I haven't got the means to shut down the podcast for the day, but I want to take this opportunity to acknowledge the day of internet radio silence today. Online broadcasters across the country are protesting the dramatic price hikes for online streaming music royalties by shutting down their transmissions. It doesn't affect me -- I used to use music on the show, but I stopped a long time because there was no way to navigate the treacherous legal waters. But it is an important issue worthy of your consideration.
What vexes me most is not so much that these rules and regulations are changing, but rather that our lawmakers seem to be almost willfully ignorant about issues that are really, really important to our lives. When they do act (see: DMCA), they seem to act exclusively in the interests of the biggest, richest corporations. Courts and regulatory bodies are trying to make decisions based on laws that are woefully inadequate to deal with current technologies, and no one who actually decides (read: legislators) are doing shit.

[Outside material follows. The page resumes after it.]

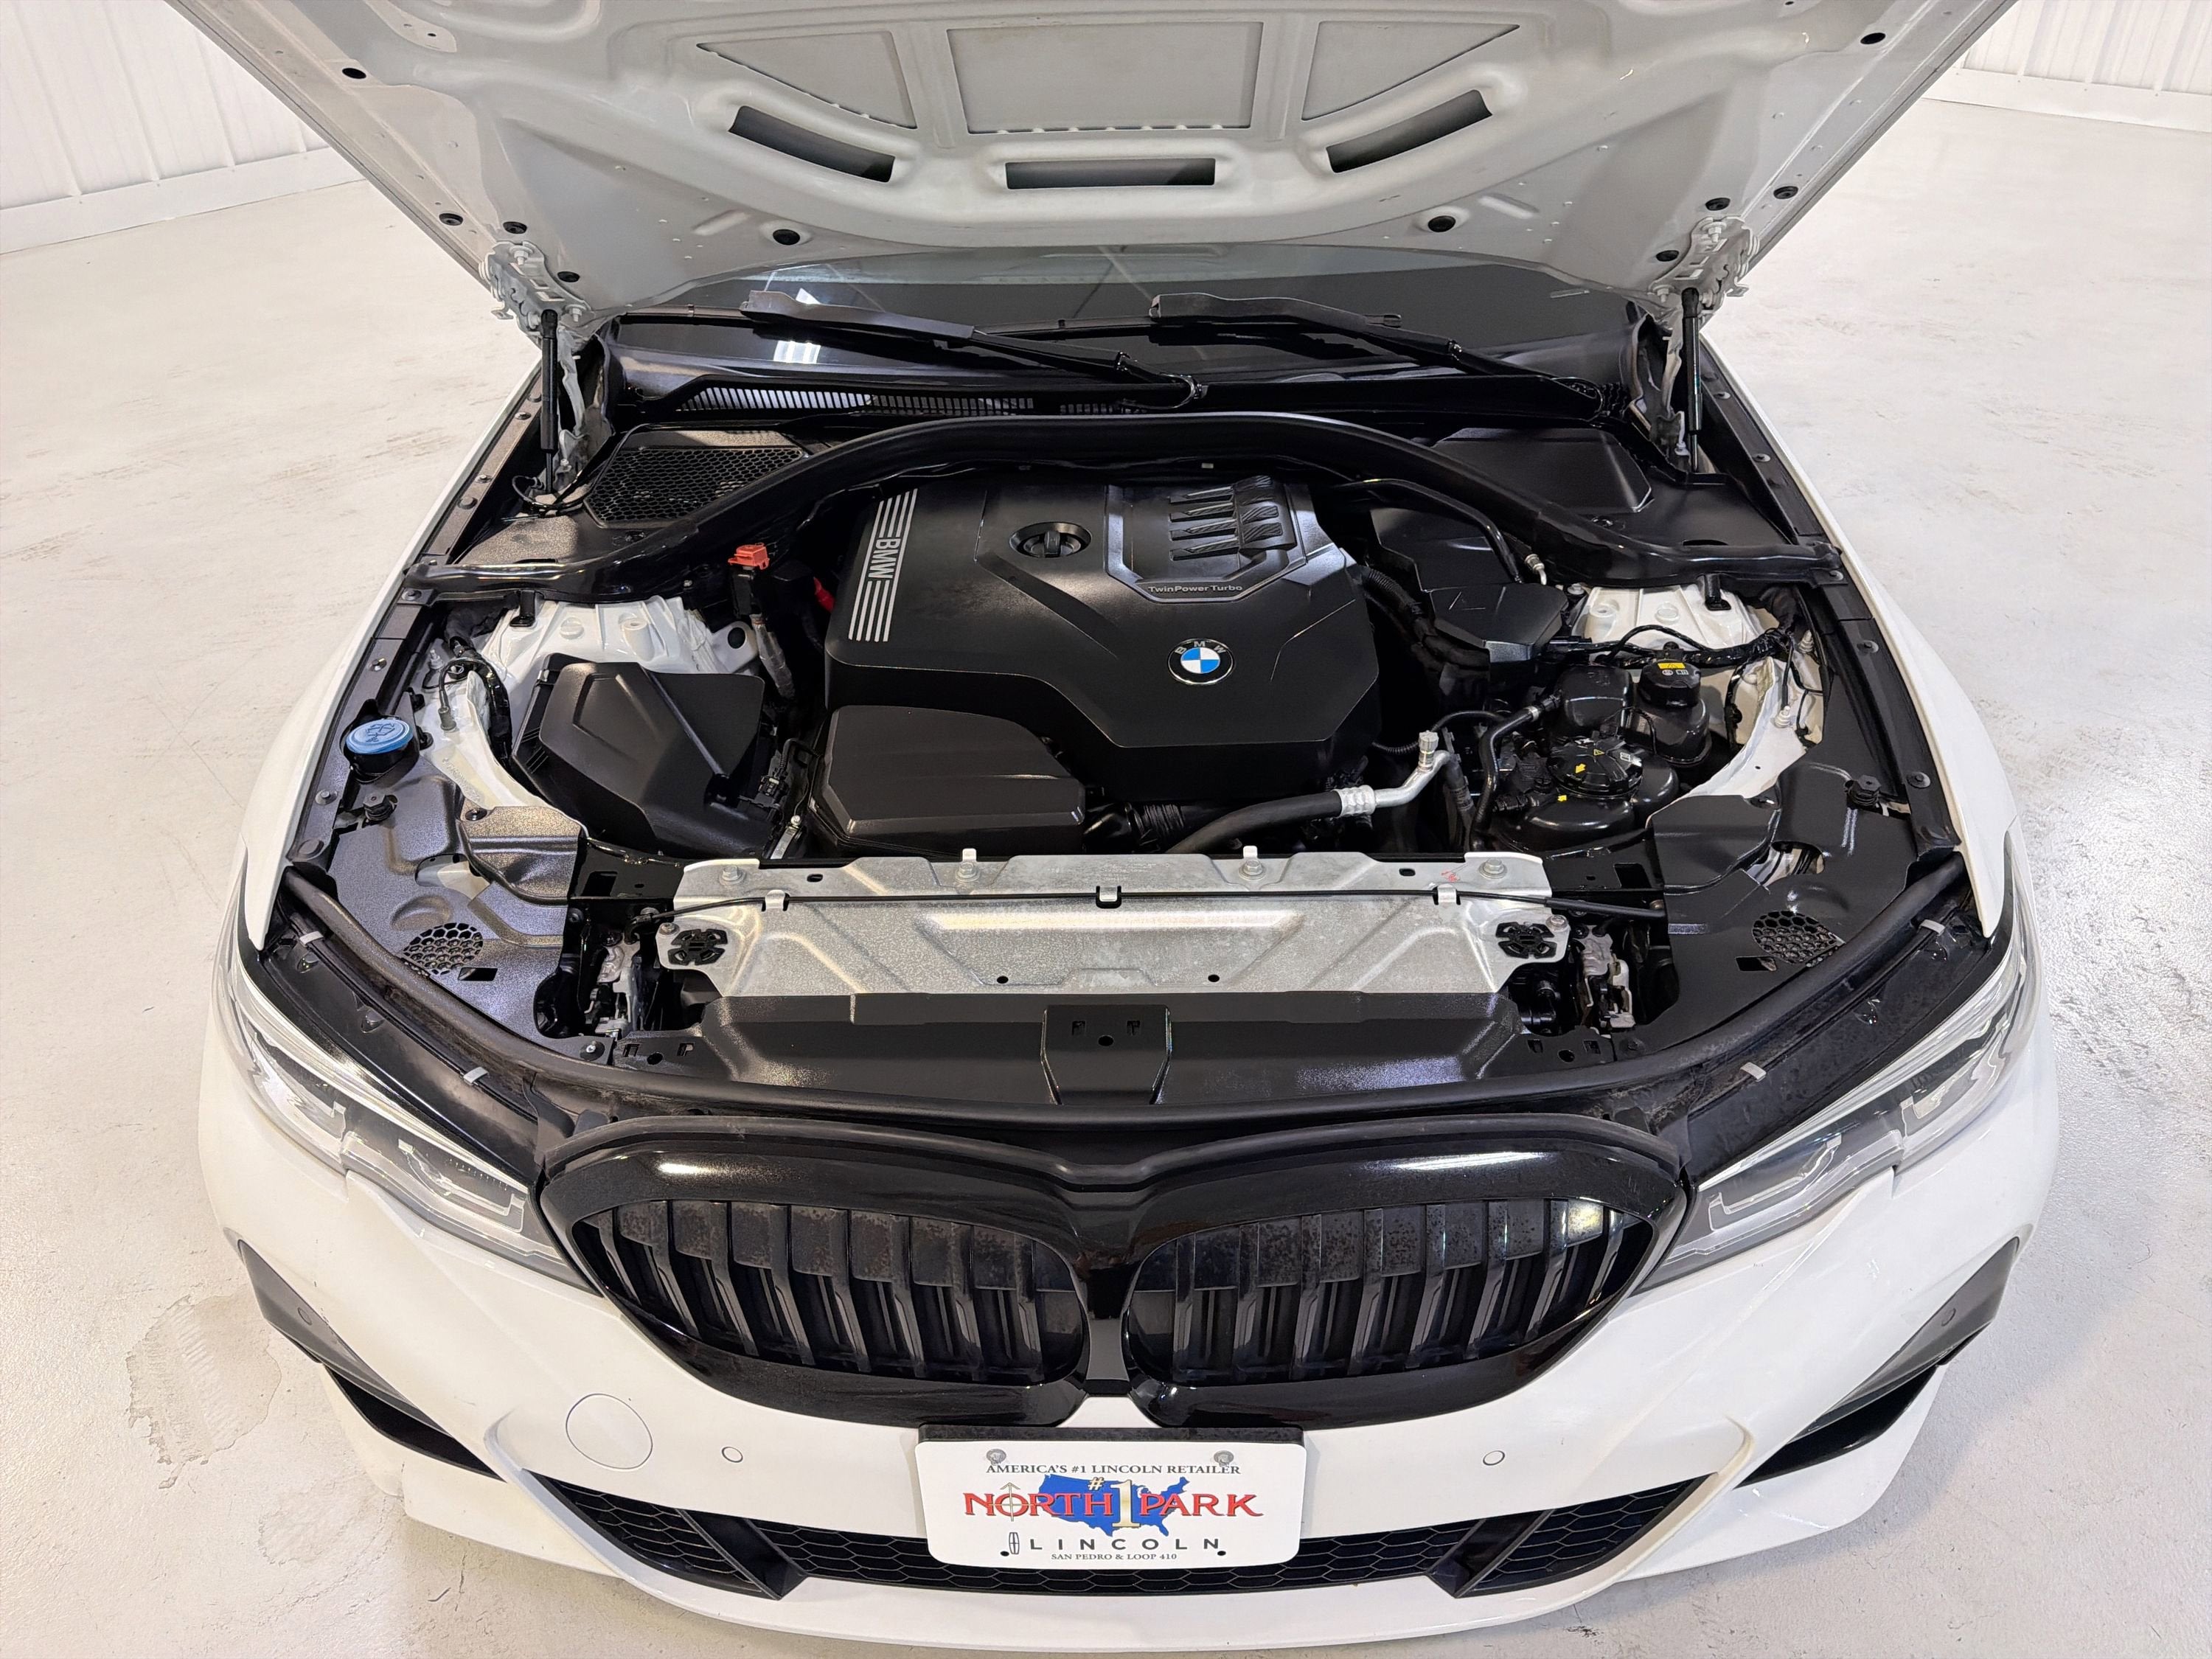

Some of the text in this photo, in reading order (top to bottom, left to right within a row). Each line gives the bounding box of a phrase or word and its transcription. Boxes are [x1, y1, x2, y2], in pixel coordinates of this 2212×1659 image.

There's a horrible imbalance, and that's why I've supported the Electronic Frontier Foundation. I don't neccesarily agree with all their positions, but when the big-money lobbyists head to Washington to write the new laws and the big-money lawyers head to court to interpret them for elderly judges who can't program VCRs, it's nice to have SOMEONE on the side of, well, anyone other than the richest, sleaziest corporations.
So the moral of the story is: use today, the day of silence, to think about what YOU think the equitable solution is to this internet royalty business. At least think about what the core values of a solution should be. Then TELL YOUR REPRESENTATIVES. They'll know that there are people who will vote on this issue, and they should just give corporations anything they want.